Nitro reduction as an electronic switch for bioreductive drug activation.

It is well known that the reduction of aromatic nitro groups can give rise to toxic species, and that net nitro reduction by one-electron reductases can usually be inhibited by oxygen. There has been much interest in utilizing this biotransformation to activate drugs in hypoxic regions of tumors, but no clinically useful compound has yet resulted. Nitroreductive activation of prodrugs by oxygen-insensitive (and oxygen-sensitive) reductases is also of current interest because of new methods for introducing specific nitroreductases into tumors (e.g., as antibody-enzyme conjugates or by gene therapy).
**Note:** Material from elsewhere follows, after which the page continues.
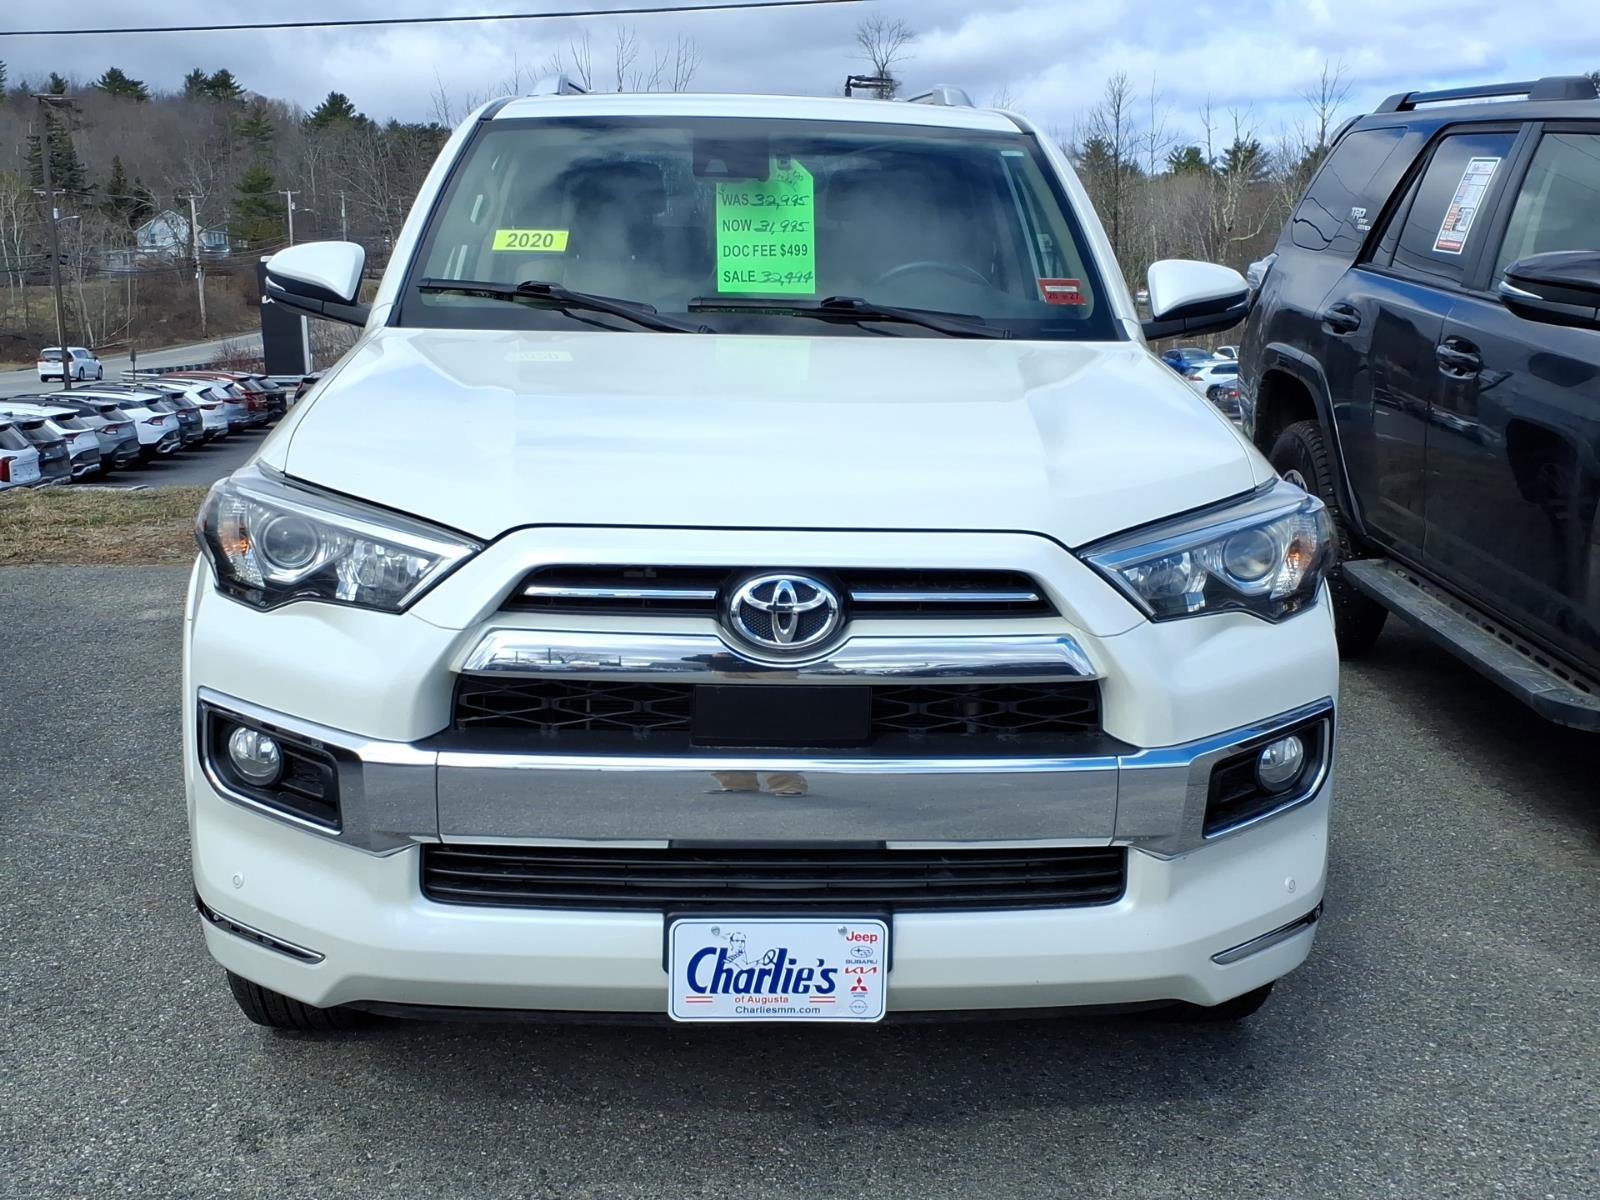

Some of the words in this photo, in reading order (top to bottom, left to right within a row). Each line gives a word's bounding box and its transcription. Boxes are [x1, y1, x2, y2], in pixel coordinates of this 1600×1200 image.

In most of the compounds investigated previously, cytotoxicity appears to be due to reactive nitroso or hydroxylamine reduction products arising from the nitro group itself. It is argued that there is greater scope for designing potent and selective nitro compounds by using the nitro group as an electronic switch to activate a latent reactive moiety elsewhere in the molecule. Examples of this approach include the nitro(hetero)aromatic mustards (e.g., SN 23816, NSC 646394) in which the nitro group controls the reactivity of a nitrogen mustard to which it is directly conjugated, and the nitro(hetero)aromatic methylquaternary (NMQ) mustards (e.g., SN 25341, NSC 658926) in which reduction of the nitro group triggers fragmentation of the molecule to release a reactive aliphatic nitrogen mustard. Many of these compounds show very high selectivity for hypoxic cells in culture. Some are also active against hypoxic cells in tumors, and provide large tumor growth delays when combined with tumor blood flow inhibitors such as 5,6-dimethylxanthenone-4-acetic acid (DMXAA). These prodrug designs also have potential for releasing effectors other than nitrogen mustards, which opens up many possibilities for use of nitro compounds as tumor-selective prodrugs.